Yves Brayer was known for his artworks depicting the landscapes, wildlife and people of the Camargue region of the South of France, near Arles. He painted this lively scene from the capital of the Camargue, Saintes-Maries-de-la-Mer. Les Saintes-Maries-de-la-Mer is particularly lively in summer with its visitors, beaches, cafés, restaurants and shops. In winter, another atmosphere prevails with its long and deserted sandy beaches, the sea air, and the gentle breaking of the waves. Every May, Romanies, Manouches, Tziganes and Gitans come from the four corners of Europe to venerate their Saint, the Black Sara. They camp on the streets, on the squares, on the beach. For ten days, they are at home. And it is in this region where the lives of the artist and Kirk Douglas intersect. In the mid-1950s Douglas was in Arles and its surrounds to film a movie about the life of Vincent Van Gogh titled, 'Lust for Life'. While filming, he fell in love with the Camargue and France in general. It is where he met his future wife of 66 years. A confirmed Francophile, Douglas spoke fluent French. This gallery conjectures that Douglas bought this painting while filming 'Lust for Life' as the filming and the creation of the artwork coincide in the mid-1950s. For decades, this painting, framed as it is today, hung on the walls of the Douglas' Hollywood home (although it has been reconditioned with a new linen slip and anti-reflective glass). It is in good overall condition. Upon request a video of the artwork may be provided.
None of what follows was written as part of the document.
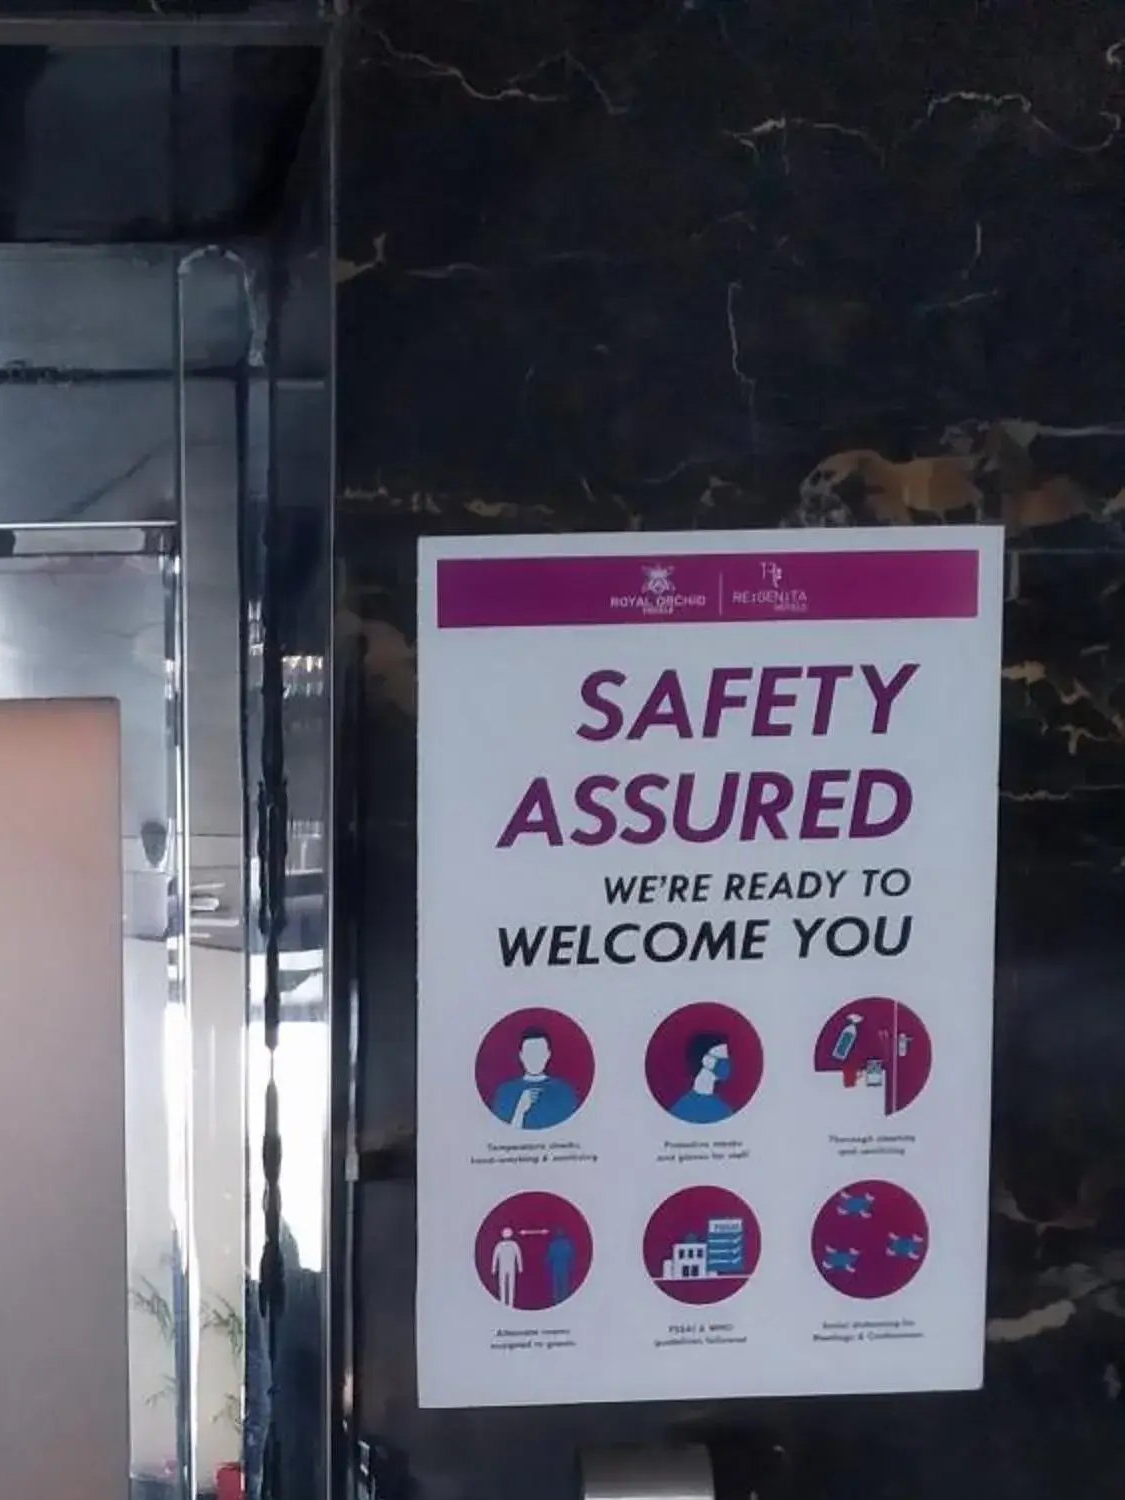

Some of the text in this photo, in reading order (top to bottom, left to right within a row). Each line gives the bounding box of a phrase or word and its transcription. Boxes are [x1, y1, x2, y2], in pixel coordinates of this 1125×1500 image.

[575, 663, 921, 742] SAFETY
[494, 767, 914, 848] ASSURED
[603, 866, 912, 905] WE'RE READY TO
[496, 914, 914, 968] WELCOME YOU
About the Artist: Yves Brayer (1907-1990) was born in Versailles, France. Determined to be an artist from an early age, he set out for Paris in 1924, initially studying at the academies in Montparnasse, and from there he attended the École des Beaux-Arts. Whilst still a student he exhibited at the Salon d’Automne and the Salon des Indépendants, and in 1927 Brayer left Paris for Spain with the aid of a state grant to enable him to study the works of the Spanish Masters in the Prado.
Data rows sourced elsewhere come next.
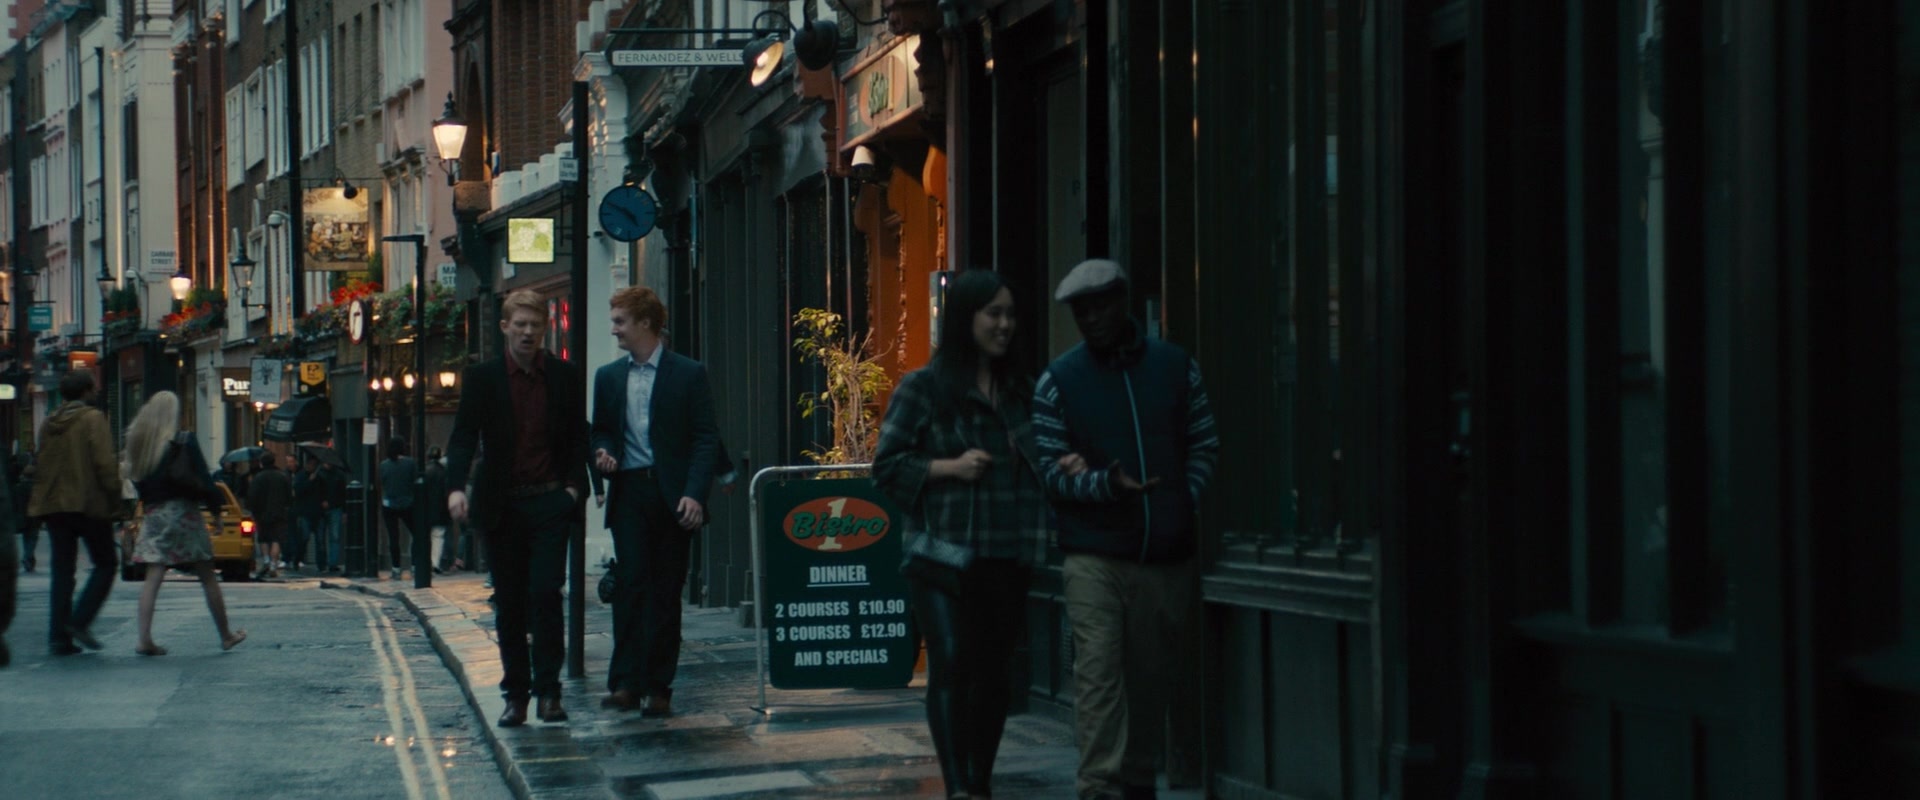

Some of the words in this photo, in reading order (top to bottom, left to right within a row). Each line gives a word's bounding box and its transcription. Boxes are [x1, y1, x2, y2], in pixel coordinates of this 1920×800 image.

[618, 53, 690, 62] FERNANDEZ
[694, 53, 702, 62] &
[792, 512, 886, 538] Bistro
[809, 565, 867, 583] DINNER
[775, 603, 784, 618] 2
[788, 601, 849, 617] COURSES
[859, 599, 905, 615] £10.90
[776, 627, 785, 641] 3
[789, 625, 850, 641] COURSES
[861, 623, 906, 638] £12.90
[794, 652, 822, 666] AND
[826, 649, 888, 665] SPECIALS
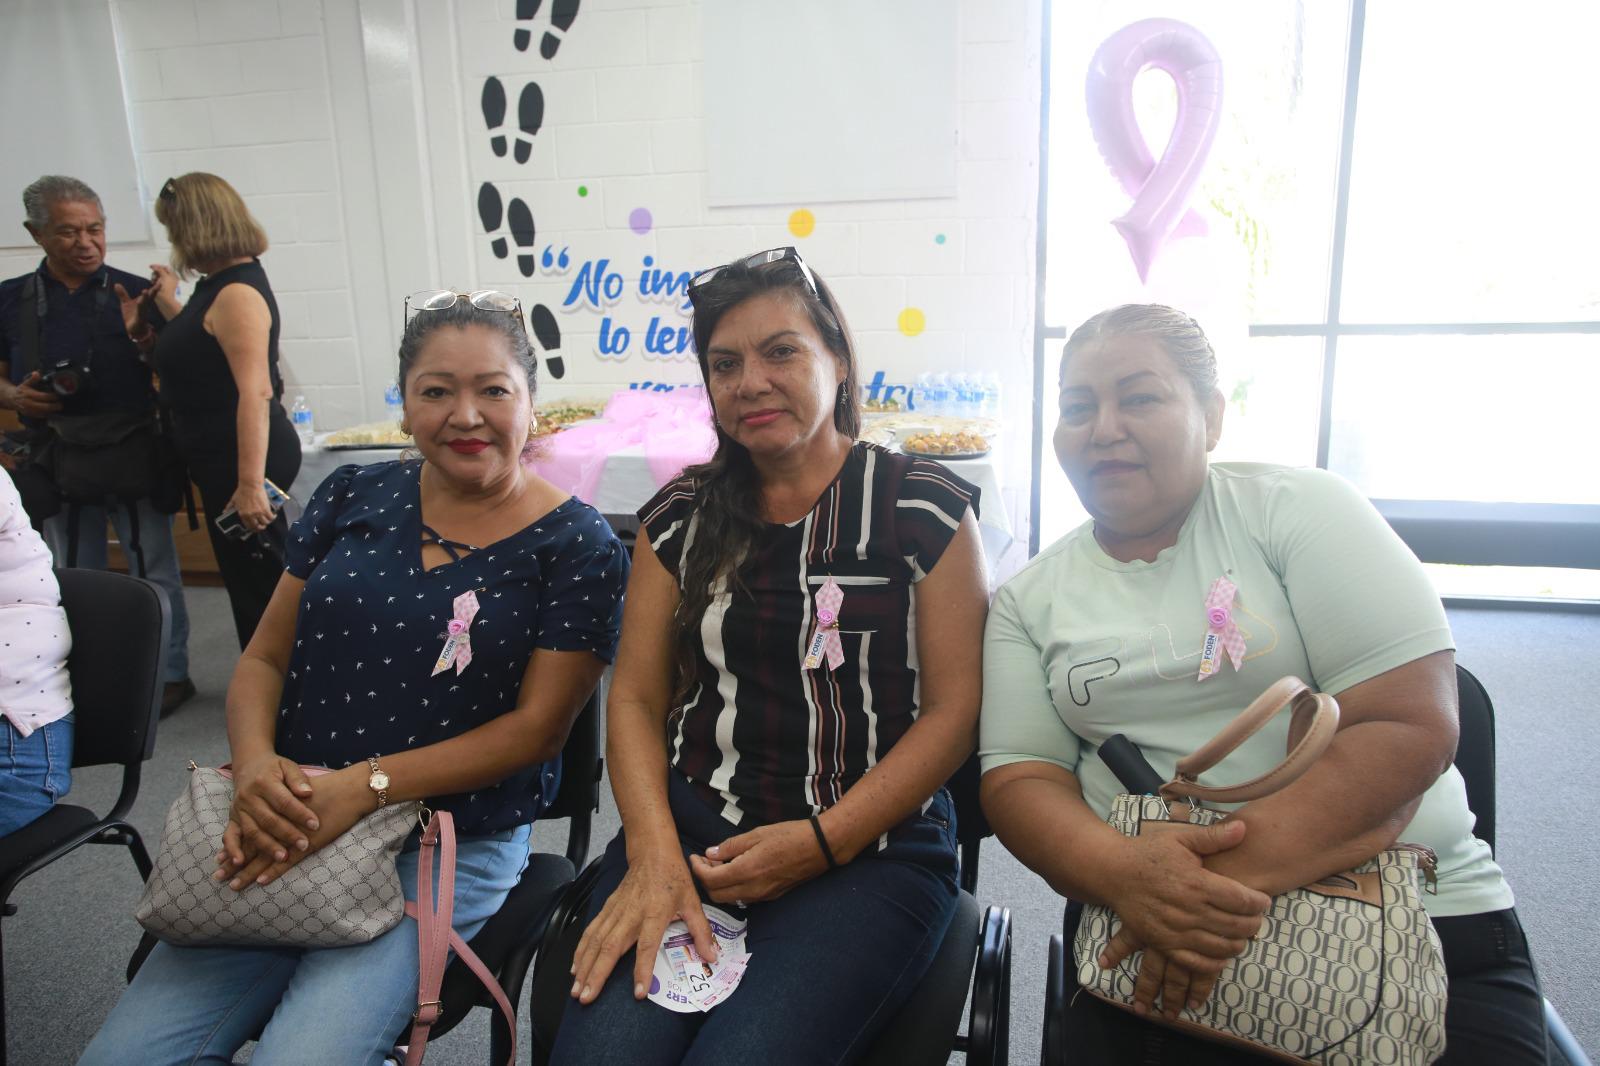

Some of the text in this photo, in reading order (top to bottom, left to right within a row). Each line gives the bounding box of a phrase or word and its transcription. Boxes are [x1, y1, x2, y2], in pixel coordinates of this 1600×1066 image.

[639, 255, 702, 310] im
[599, 317, 631, 355] lo
[811, 634, 824, 656] FODEN
[1204, 634, 1215, 660] FODEN
[690, 973, 710, 993] 52
[666, 990, 688, 1004] ER?
On his return to Paris in 1934 he exhibited a collection of paintings inspired by his travels in Europe and Morocco to great acclaim. Having moved south to Cordes in the Tarn region of France after the War, Brayer then discovered the area which was to have the greatest artistic influence on his work: Provence. He was enchanted by the diverse and architectural forms of the Alpilles mountains, and by the vast expanse of the Camargue region with its ubiquitous white horses and black bulls. From then on he spent several months each year working in Provence. He also made several trips to Mexico, Egypt, Iran, Greece, Russia, USA and Japan where he was quick to grasp the unique rhythm and light of each country.
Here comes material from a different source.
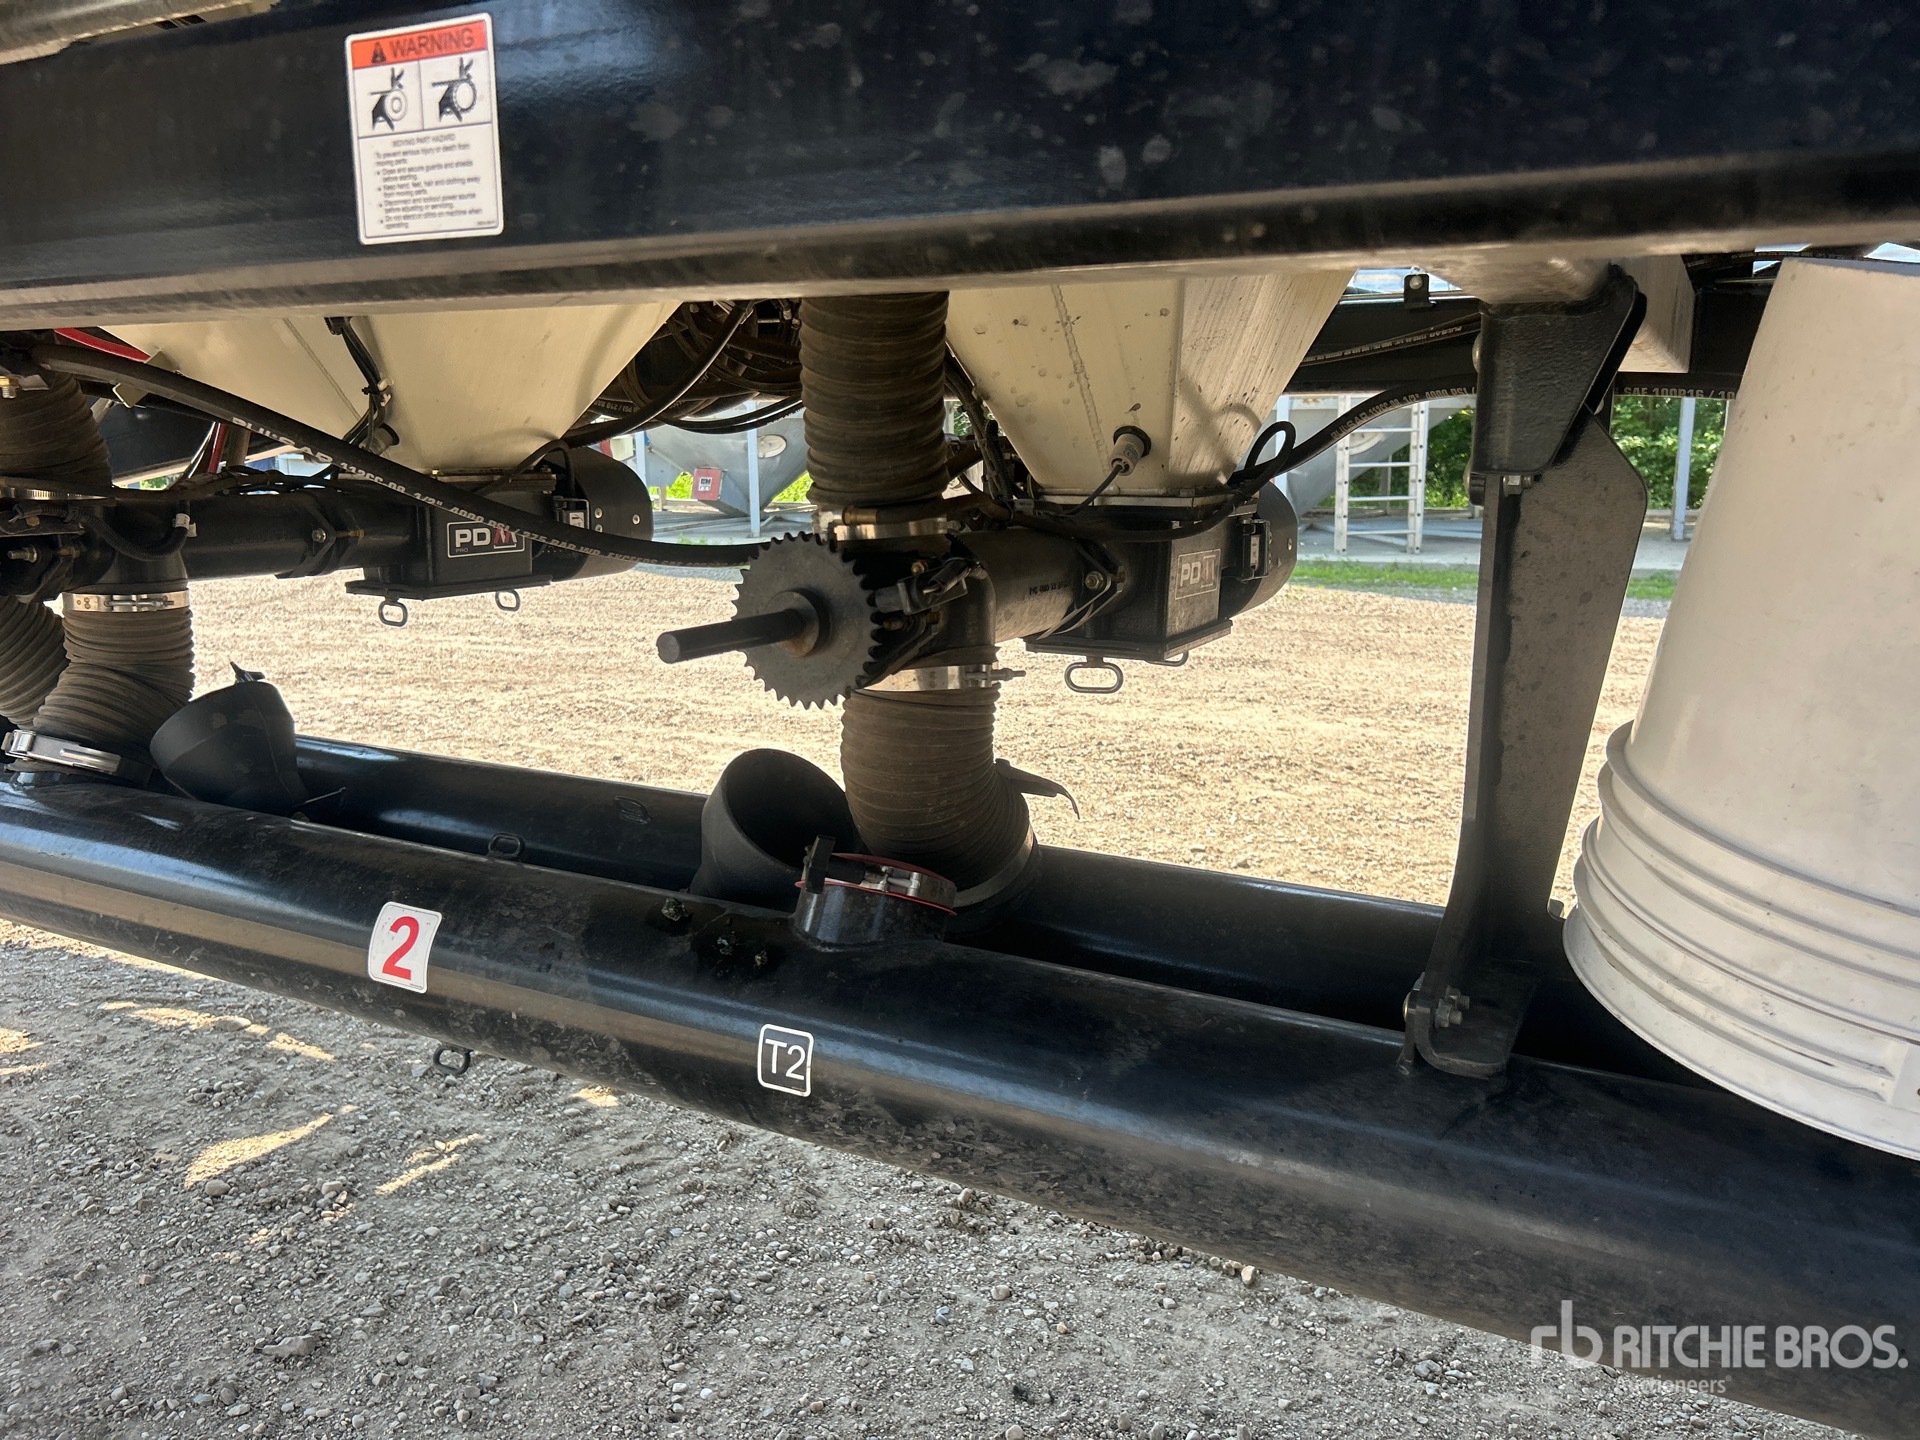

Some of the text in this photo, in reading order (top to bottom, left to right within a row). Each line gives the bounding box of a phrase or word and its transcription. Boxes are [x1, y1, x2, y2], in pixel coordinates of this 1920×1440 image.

A large collection of Yves Brayer’s paintings are on permanent display both at the Museum of Modern and Contemporary Art in Cordes, in the Salle Yves Brayer and at the Musée Yves Brayer in Les Baux de Provence, as well as various museums in France and elsewhere. Brayer passed away in 1990. His artworks are an investment. Bids at the international auction houses continue to advance as appreciation for his work mounts. Some of the artist's oil paintings are now selling for tens of thousands of dollars.
Dimensions with frame:
H 84 cm / 33.1"
W 127 cm / 50"
Dimensions without frame:
H 65 cm / 25.6"
W 108 cm / 42.5"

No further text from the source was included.